Branch of mathematical linguistics

Construction of a Thue–Morse infinite word

Combinatorics on words is a subfield of mathematics focused on the study of words and formal languages, which are (usually finite) strings of symbols from an arbitrary set (an "alphabet") and sets of words, respectively. The field has implications in various areas of mathematical study, notably algebra and theoretical computer science. Combinatorics on words became useful in the study of algorithms and coding.

== History ==
Combinatorics on words is considered a relatively young area of mathematics. The subject originated with foundational work published by Axel Thue on square-free words, infinite words, and repetitions in the early 1900s and enjoyed some major results by Emil Post in the middle of the century. However, most research in the field has occurred since the 1980s.

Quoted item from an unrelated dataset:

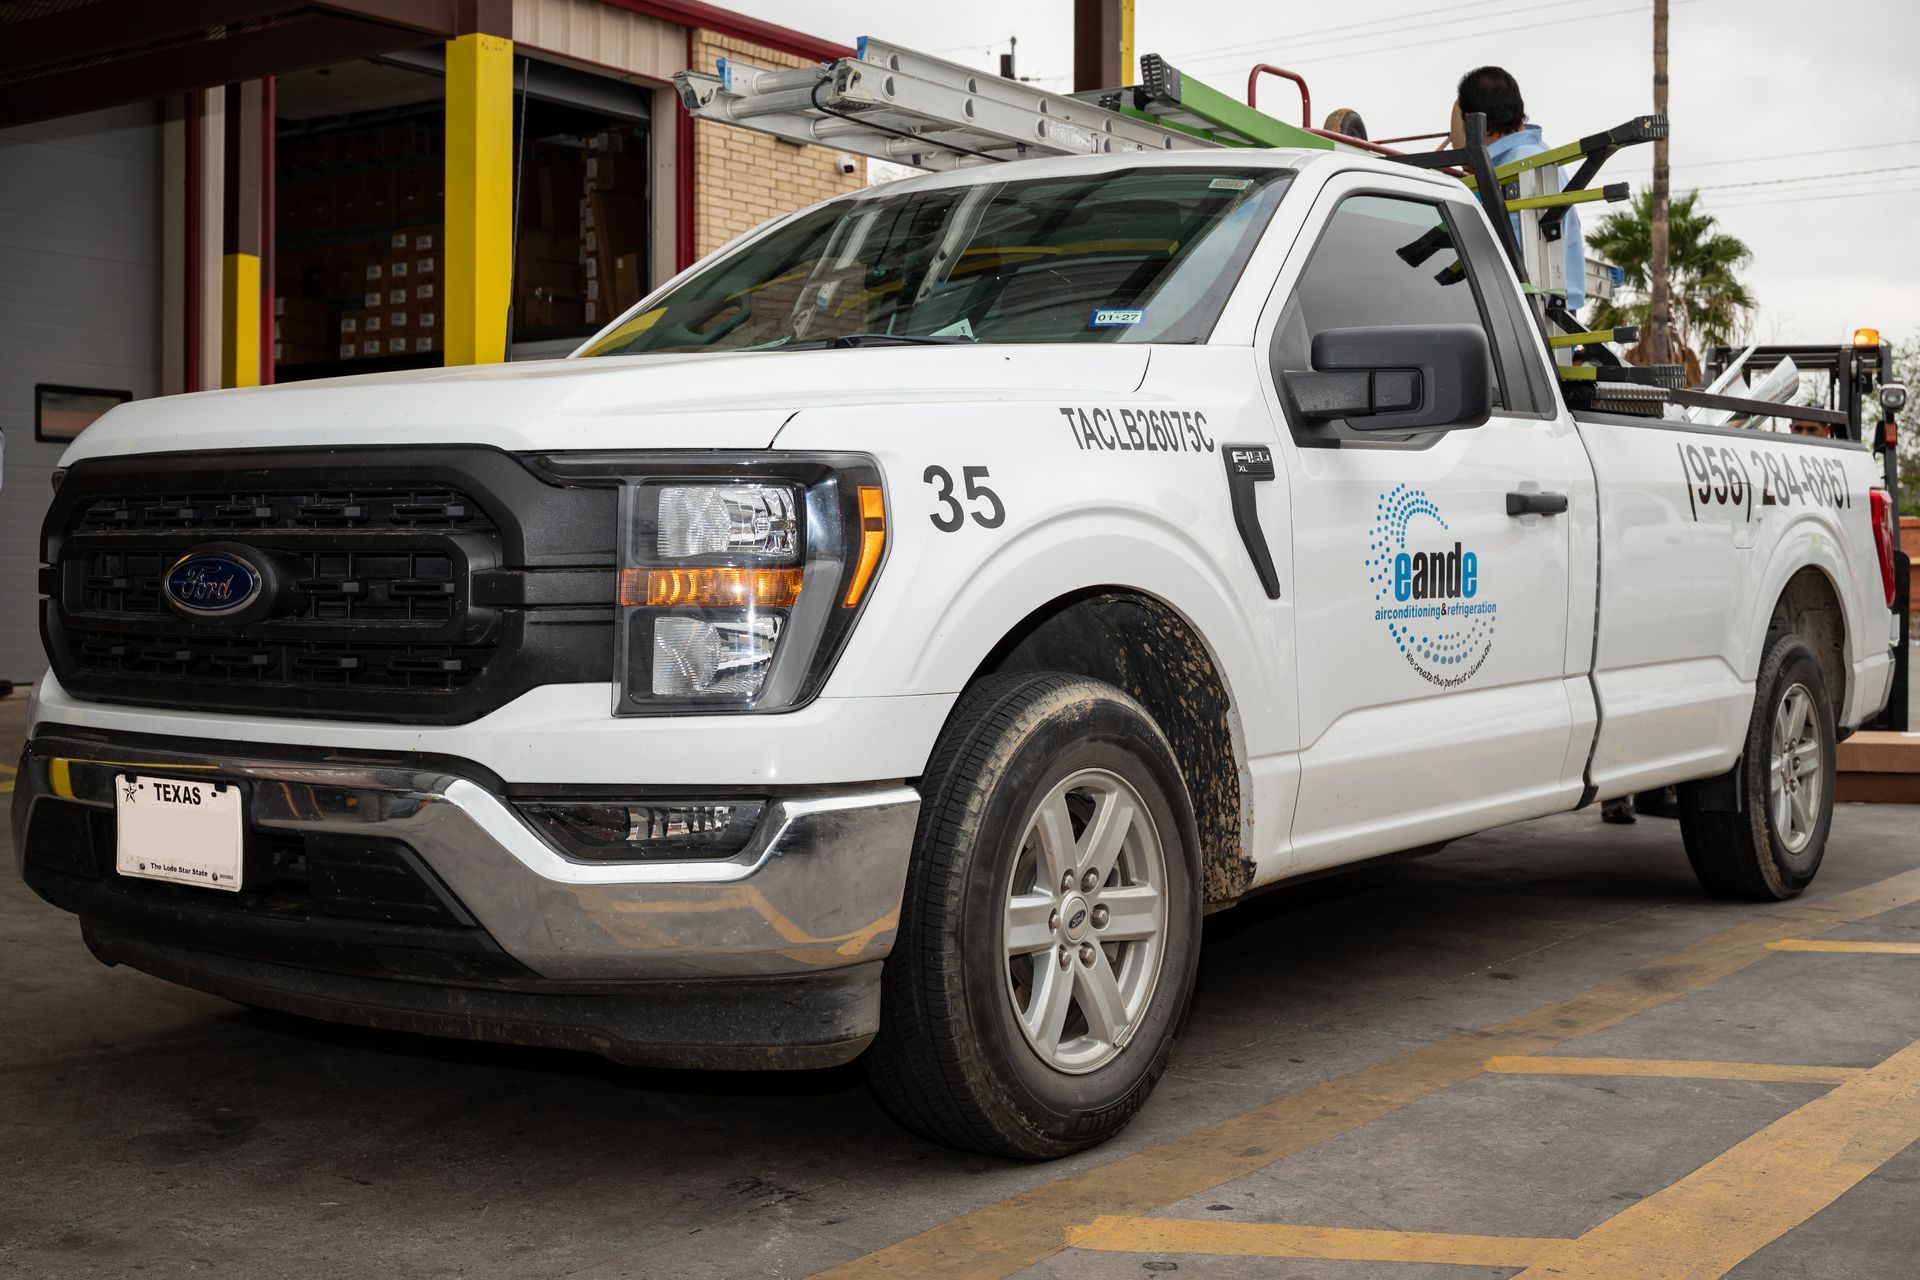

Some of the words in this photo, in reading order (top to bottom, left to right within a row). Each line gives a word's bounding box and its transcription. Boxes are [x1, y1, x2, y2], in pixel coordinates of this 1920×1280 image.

The international conference WORDS, which has occurred biannually since 1997, focuses on combinatorics on words.

==Definition==
Combinatorics is an area of discrete mathematics. Discrete mathematics is the study of countable structures. These objects have a definite beginning and end. The study of enumerable objects is the opposite of disciplines such as analysis, where calculus and infinite structures are studied. Combinatorics studies how to count these objects using various representations. Combinatorics on words is a recent development in this field that focuses on the study of words and formal languages. A formal language is any set of symbols and combinations of symbols that people use to communicate information.

Some terminology relevant to the study of words should first be explained. First and foremost, a word is basically a sequence of symbols, or letters, in a finite set. One of these sets is known by the general public as the alphabet. For example, the word "encyclopedia" is a sequence of symbols in the English alphabet, a finite set of twenty-six letters. Since a word can be described as a sequence, other basic mathematical descriptions can be applied. The alphabet is a set, so as one would expect, the empty set is a subset. In other words, there exists a unique word of length zero. The length of the word $w$ is defined by the number of symbols that make up the sequence, and is denoted by $|w|$. Again looking at the example "encyclopedia", $|w| = 12$, since encyclopedia has twelve letters. The idea of factoring of large numbers can be applied to words, where a factor of a word is a block of consecutive symbols. Thus, "cyclop" is a factor of "encyclopedia".

In addition to examining sequences in themselves, another area to consider of combinatorics on words is how they can be represented visually. In mathematics various structures are used to encode data. A common structure used in combinatorics is the tree structure. A tree structure is a graph where the vertices are connected by one line, called a path or edge. Trees may not contain cycles, and may or may not be complete. It is possible to encode a word, since a word is constructed by symbols, and encode the data by using a tree. This gives a visual representation of the object.

==Major contributions==
The first books on combinatorics on words that summarize the origins of the subject were written by a group of mathematicians that collectively went by the name of M. Lothaire. Their first book was published in 1983, when combinatorics on words became more widespread.

==Patterns==

===Patterns within words===
A main contributor to the development of combinatorics on words was Axel Thue (1863–1922); he researched repetition. Thue's main contribution was the proof of the existence of infinite square-free words. Square-free words do not have adjacent repeated factors. To clarify, "dining" is not square-free since "in" is repeated consecutively, while "servers" is square-free, its two "er" factors not being adjacent. Thue proves his conjecture on the existence of infinite square-free words by using substitutions. A substitution is a way to take a symbol and replace it with a word. He uses this technique to describe his other contribution, the Thue–Morse sequence, or Thue–Morse word.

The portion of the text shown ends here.